Friday, 5 August 2011

Global Share Market Meltdown

Australian sharemarket plunges, $A not spared in sell-off



THE Australian sharemarket plunged to its lowest level in two years at today's close, wiping $60 billion from the value of stocks as investors became fearful a fresh financial crisis was about to emerge.

The biggest one-day fall on Wall Street since the start of the global downturn nearly three years ago sparked a wave of selling across the major Asian equities markets today.

In Australia, the S&P/ASX 200 experienced the worst performance since November 2008 as the market lost 171.1 points (4 per cent) to 4105.40. The All Ordinaries index was down 183.2 points to 4169.70.

The Australian dollar was not spared either, as the currency slipped from $US1.0689 to $1.0445, its lowest point for four months.
IG Markets analyst Ben Potter said markets feared for the future, especially ahead of the publication of key US unemployment numbers tonight.
Savaging on Wall Street was prompted by growing concerns that the world's largest economy was heading for a double-dip recession, while a resolution to the European sovereign debt crisis remained uncertain.

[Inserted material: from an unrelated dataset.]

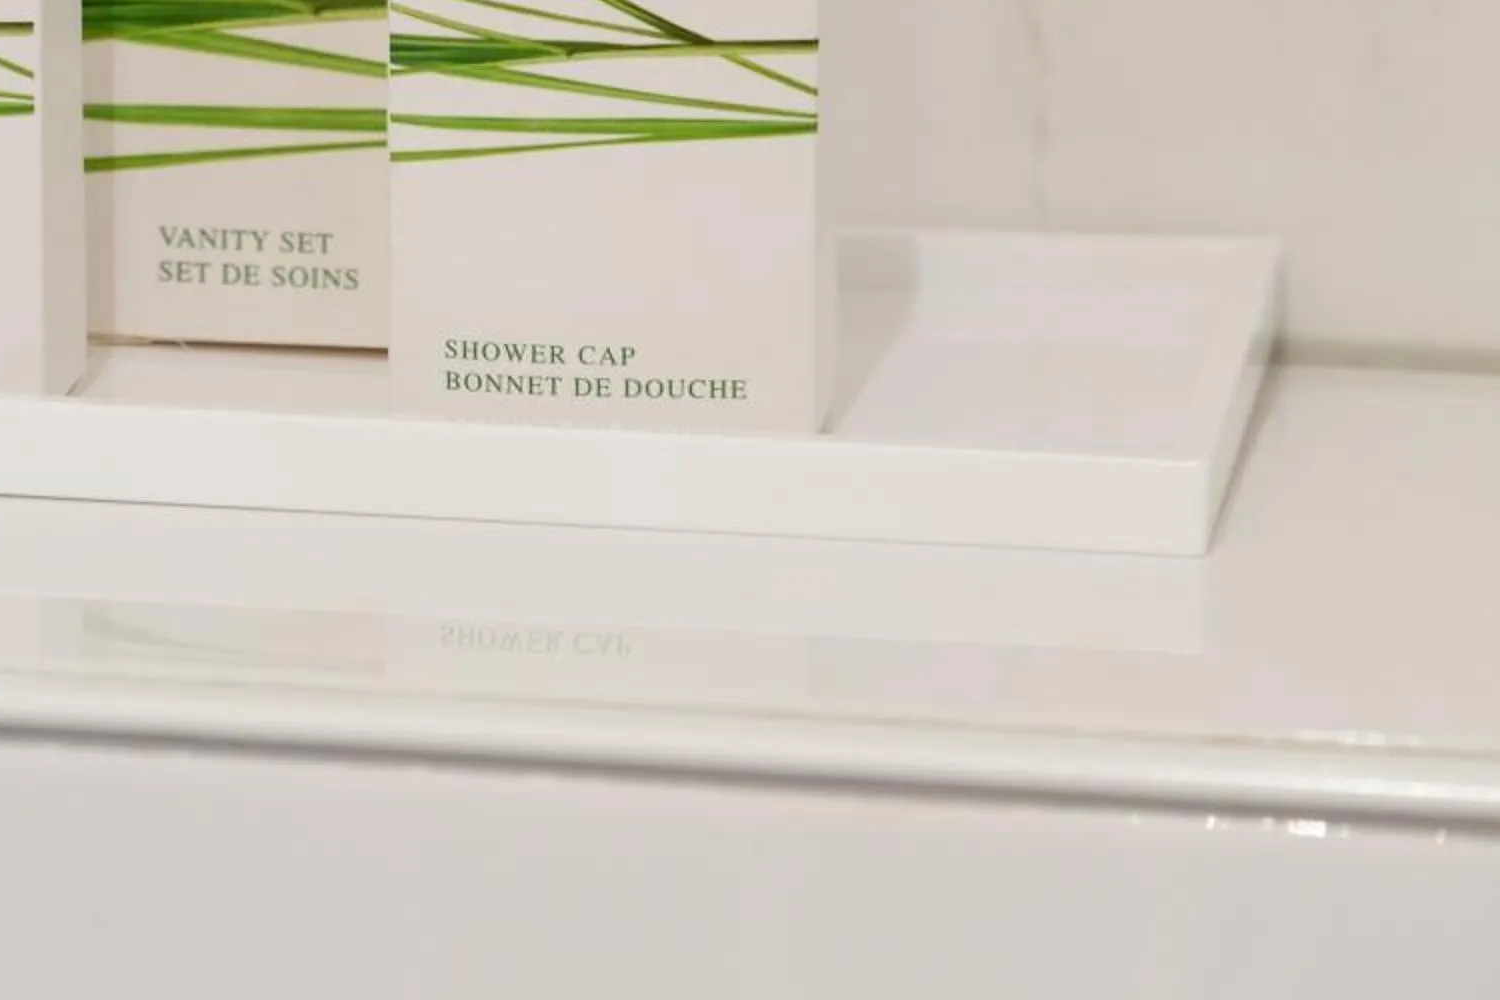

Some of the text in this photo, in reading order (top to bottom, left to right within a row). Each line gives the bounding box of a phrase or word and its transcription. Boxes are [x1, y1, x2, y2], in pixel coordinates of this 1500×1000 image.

"You can't say much other than it's been a bloodbath today," he said.
"It seems all the fear and anxiety over the spreading of the European debt crisis to the larger nations of Italy and Spain, along with the dismal structural state of the US economy, collided last night with the result being a global equities rout.

"The losses today have been indiscriminate. Nothing has been spared."Mr Potter said market sentiment had worsened on economic uncertainty."For the first time since the GFC, we're seeing genuine fear and panic rippling through global markets again. Anyone who says they know where these markets are going is kidding themselves.

This rout could end next week, or in six months time, no one really knows."The futures market is predicting a bleak night across the major financial centres.

The Dow Jones is forecast to open down at least 62 points at the opening bell, while continental European markets are likely to be substantially weaker.

AAP reported that only two of the top 200 ASX-listed companies posted gains - education provider Navitas and taxi-fare service Cabcharge.

Every sector was down and the resources boom was forgotten, as the mining and energy sectors were down by more than 5 per cent.

IG Markets strategist Cameron Peacock said: "Everyone thought that after the (US) debt-ceiling issue was resolved, markets would move higher.

"All it really did was focus the markets on some of the structural problems in the US economy."

Mr Peacock said the release of new employment numbers in the US tonight could calm investors if they were positive.

"You get these panic days, people just liquidate portfolios indiscriminately and that's why we're seeing such broad-based losses.

"A lot of companies out there are in stellar financial condition and are doing very well, but the baby gets thrown out with the bathwater, as they say."

Mining giant Rio Tinto lost $4.58 (5.98 per cent) to $72, just one day after posting a record $7.3 billion in underlying net profit for the half-year.

The world's biggest miner, BHP Billiton, closed down $1.94 (4.84 per cent) at $38.12.
Fortescue Metals gave up 39c (6.36 per cent) to $5.74.

Gold miner Newcrest was down $1.45 (3.57 per cent) at $39.20.

Among energy stocks, Woodside Petroleum plummeted $1.95 (5.34 per cent) to $34.55, Santos fell 82c (6.65 per cent) to $11.52 and Origin Energy dropped 43c (3.05 per cent) to $13.66.

Banks and financials were down, too. ANZ lost 71c (3.58 per cent) to $19.10, National Australia Bank fell 90c to $21.77, Westpac was down 50c at $19.27 and Commonwealth Bank lost $1.29 (2.71 per cent) to $46.26.

Telstra was down 7c at $2.89.
Preliminary national turnover was 4.48bn shares, worth $9.96bn, with 63 shares up, 1,413 down and 171 steady.